With the passing of Rare Disease Day this week, one family reflects on the awareness which affects the daily life of their two sons. Jerry and Leanne Yates sported the familiar t-shirts for awareness this past Friday in honor of their two sons, who both have unrelated, rare diseases.
Their elder son, Justin, has Wolf-Hirschhorn syndrome. Justin is missing part of his fourth chromosome which puts him at risk for severe seizures and causes difficulty eating. The rare disease has also caused Justin to be far below the average height and weight for a 26-year-old.
Justin was diagnosed at birth with Wolf-Hirschhorn syndrome. His parents were told he would not live past the age of two. 26 years later, Justin remains in stable health under the watchful eye of his parents and emotional support from his younger brother, Alexander.

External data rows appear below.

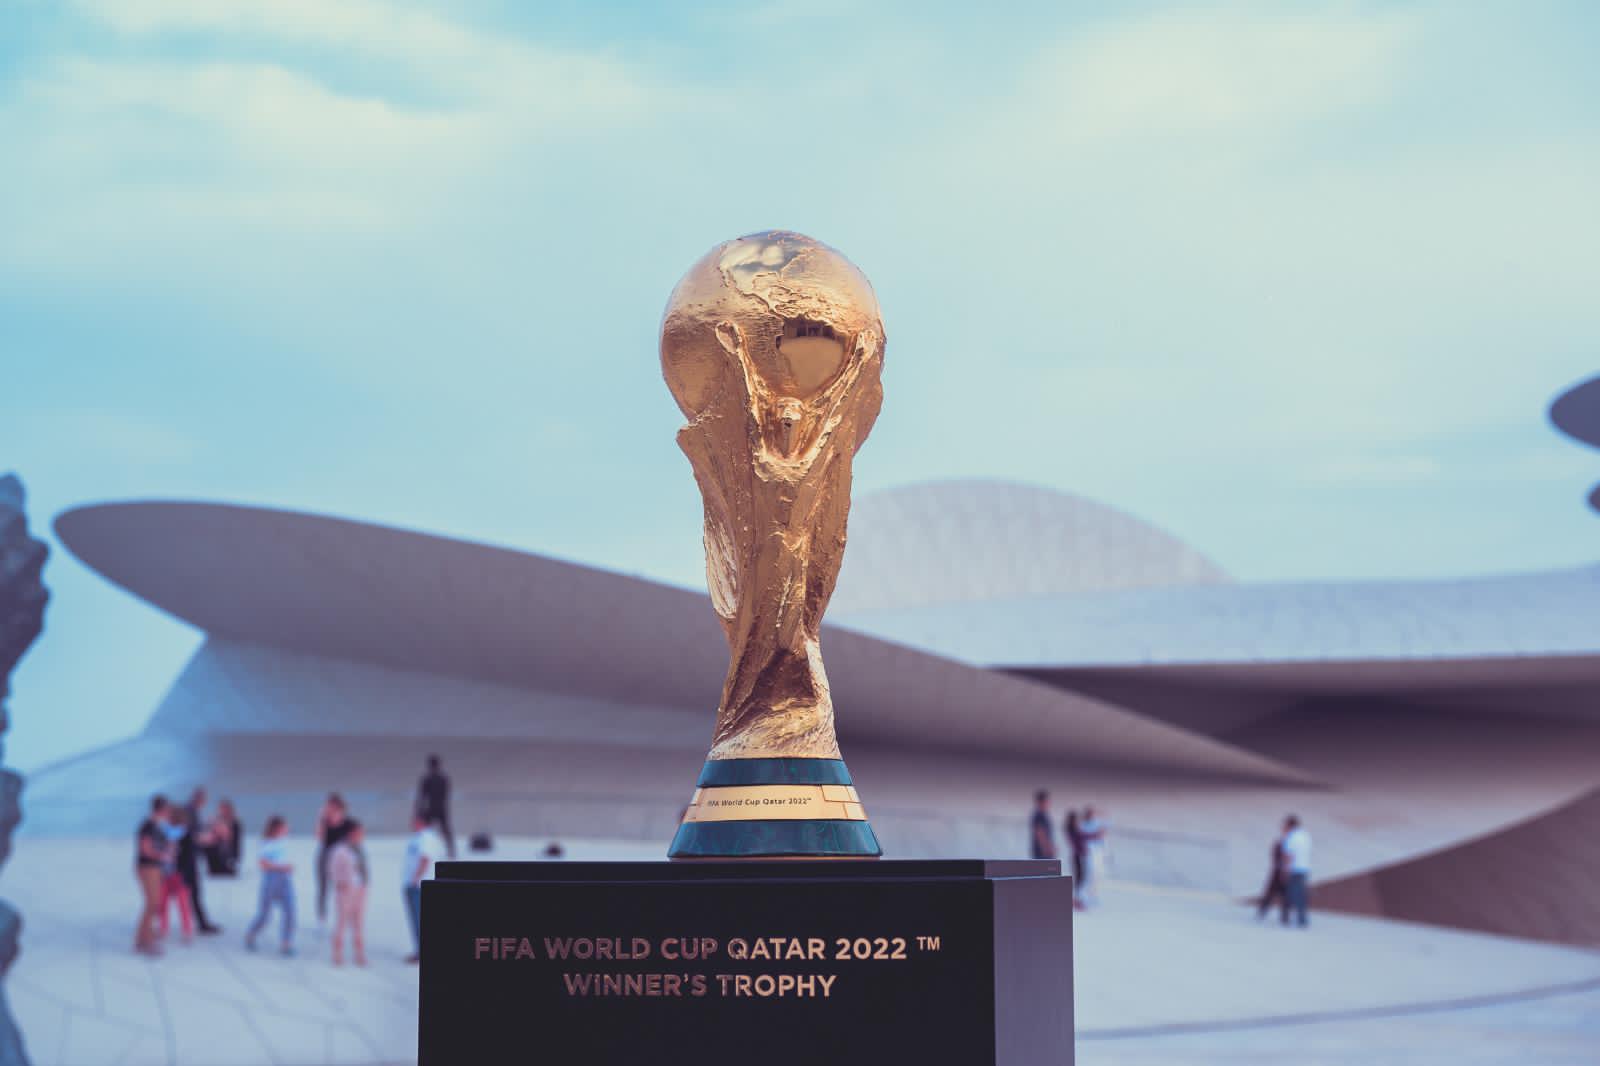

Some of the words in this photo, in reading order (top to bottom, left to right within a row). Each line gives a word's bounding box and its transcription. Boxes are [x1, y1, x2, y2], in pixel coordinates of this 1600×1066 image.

[744, 798, 760, 807] Cup
[788, 797, 812, 805] 2022
[474, 937, 536, 960] FIFA
[544, 937, 651, 960] WORLD
[660, 937, 718, 960] CUP
[727, 937, 826, 961] QATAR
[835, 937, 907, 961] 2022
[563, 973, 707, 997] WINNER'S
[715, 974, 837, 998] TROPHY

While Justin is non-verbal, he often replies to familial conversation with laughs. Alexander, the main source of Justin’s laughter, was diagnosed at age four with Primary Ciliary Dyskinesia (PCD), a disease which causes a person to develop without essential, tiny hairs inside the nose, ears and lungs. This leaves Alexander at high risk for phenomena and causes him to partake in expensive breathing treatments.

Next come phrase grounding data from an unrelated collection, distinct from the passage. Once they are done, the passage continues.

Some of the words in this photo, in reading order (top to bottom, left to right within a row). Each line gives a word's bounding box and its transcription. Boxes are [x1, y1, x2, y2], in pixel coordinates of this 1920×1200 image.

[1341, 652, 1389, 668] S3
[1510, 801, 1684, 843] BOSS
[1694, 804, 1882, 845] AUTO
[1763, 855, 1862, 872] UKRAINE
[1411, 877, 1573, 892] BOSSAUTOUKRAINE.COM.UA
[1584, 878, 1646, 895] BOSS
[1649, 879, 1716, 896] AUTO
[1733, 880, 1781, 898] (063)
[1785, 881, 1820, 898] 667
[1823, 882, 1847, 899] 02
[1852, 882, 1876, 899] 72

Every day Leanne and Jerry are forced to make Alexander wear a chest percussion therapy (CPT) vest to clear his lungs of mucus. The 12-year-old boy also has Asperger’s, a high-functioning form of autism. Alexander does not talk much, but his dry humor brings smiles to a family over burdened with medical difficulties.
“I was told I’d have to make a decision [between] my job or my family,” Jerry says. Leanne and Jerry receive Medicaid for both their sons. The parents spend the waking and sleeping hours of the day caring for their sons. Jerry has been forced to leave many jobs in the past, leaving his last in September. Rare Disease Day is just another day in the Yates household with their two affected sons.
Jerry noted the difficulty in finding a local job. But he fears he cannot go far from his house and leave Leanne alone to care for Justin who is always home, and Alexander who schools from their house. Still, both parents are excessively proud of each son. Their healthy daughter, Talas Furr, helps the parents out as well.
Talas cares for Justin 30 hours a week though a home health agency and provides babysitting for both boys to give their parents some time alone. “If it weren’t for [Talas],” Jerry says, “we couldn’t go out.” The couple says they try to get away for a weekend every six months.
While the boys are often home, Leanne says the family invests time in awareness of each disease, while offering support for families battling them. Alexander goes each year to Victory Junction Camp, a week he spends with children who also have rare lung diseases.
The parents also attend conferences year round for those suffering from Justin’s disease, Wolf-Hirschhorn syndrome. Under the umbrella of Rare Disease Day will continue to be the battle of two affected sons, raising awareness in their every, precious inhales of breath.